Prior authorization for somatropin (Serostim®) is required to assure medical necessity and to deter the potential of, or history of, drug diversion or illegal utilization. Only prescribers, not their authorized agents, can initiate the prior authorization process for Serostim®.

Prior authorization requirements:

  • Prescribers are required to call the toll free telephone number 1-877-309-9493 and respond to a series of questions that identify the prescriber, the patient and the reason for prescribing this drug. Prescribers should be prepared to provide patient information on the following topics and fax clinical documentation upon request:
    • weight and body mass index (BMI)
    • HIV/AIDS status, use of anti-viral therapy with good viral suppression, consultation with an HIV/AIDS specialist
    • current nutritional regimen and if the patient has experienced unintentional weight loss (at least 5% from baseline) or has had significant weight loss recently (BMI<20mg/m2) in the absence of an opportunistic infection
    • recent blood work (amylase, creatinine, fasting triglyceride level)
    • active malignancy (other than Kaposi’s sarcoma), undergoing systemic chemotherapy or being treated with interferon, anabolic steroids or investigational drugs
    • evidence of GI bleeding, intestinal obstruction, malabsorption syndrome, or severe liver dysfunction
    • evidence of angina pectoris, coronary artery disease, congestive heart failure, renal failure, or serious chronic anemia
    • history of glucose intolerance or uncontrolled hypertension
    • trial and failure of other treatment modalities
  • Prescriptions are limited to a maximum of a 28-day supply. Continuation beyond 28 days of therapy will require a new prescription and a new prior authorization.
  • No refills for Serostim® are allowed. To continue treatment, the patient must be re-examined and a positive therapeutic response documented. If a determination to continue Serostim® therapy is made, the prescriber must write a new prescription and obtain a new prior authorization.
  • If a patient has received a prior authorization for Serostim® recently, the prescriber will be informed of that issuance date. A new prior authorization for Serostim® should not be issued unless 75% of the previously authorized product has been used as determined by the previous issuance date.

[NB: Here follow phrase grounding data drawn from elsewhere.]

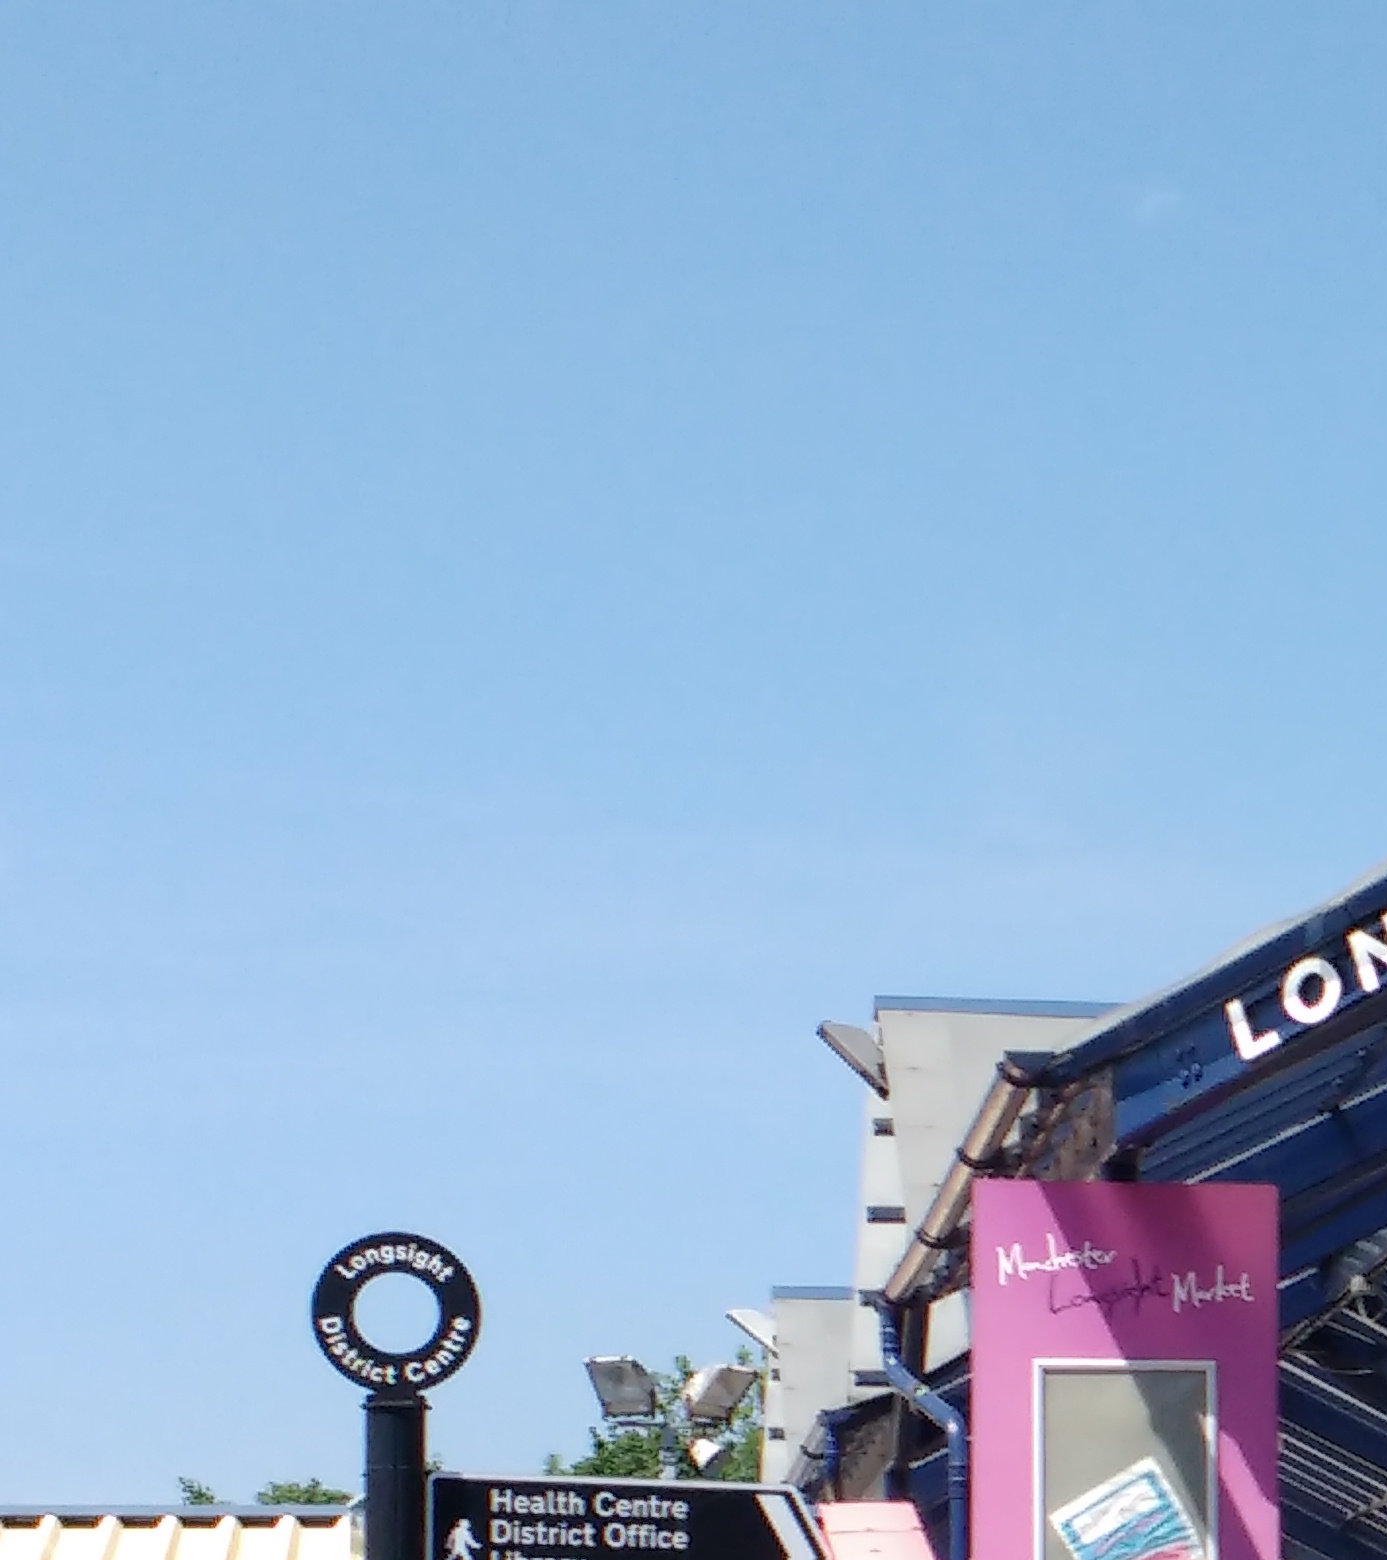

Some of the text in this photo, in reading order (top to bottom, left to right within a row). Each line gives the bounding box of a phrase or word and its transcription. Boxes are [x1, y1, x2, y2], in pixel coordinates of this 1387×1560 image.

[333, 1242, 453, 1282] Longsight
[995, 1233, 1116, 1285] Manchester
[1171, 1265, 1254, 1313] Market
[319, 1315, 472, 1385] District Centre
[489, 1488, 690, 1519] Health Centre
[489, 1519, 691, 1549] District Office

  • The clinical call center will inform prescribers if a patient has received three prior authorizations. The manufacturer's product information/package insert states "no significant additional efficacy was observed beyond 12 weeks". If a prescriber determines that continuation of Serostim® beyond 12 weeks/three prior authorizations is medically necessary, validating documentation must be available for review by the Department when requested.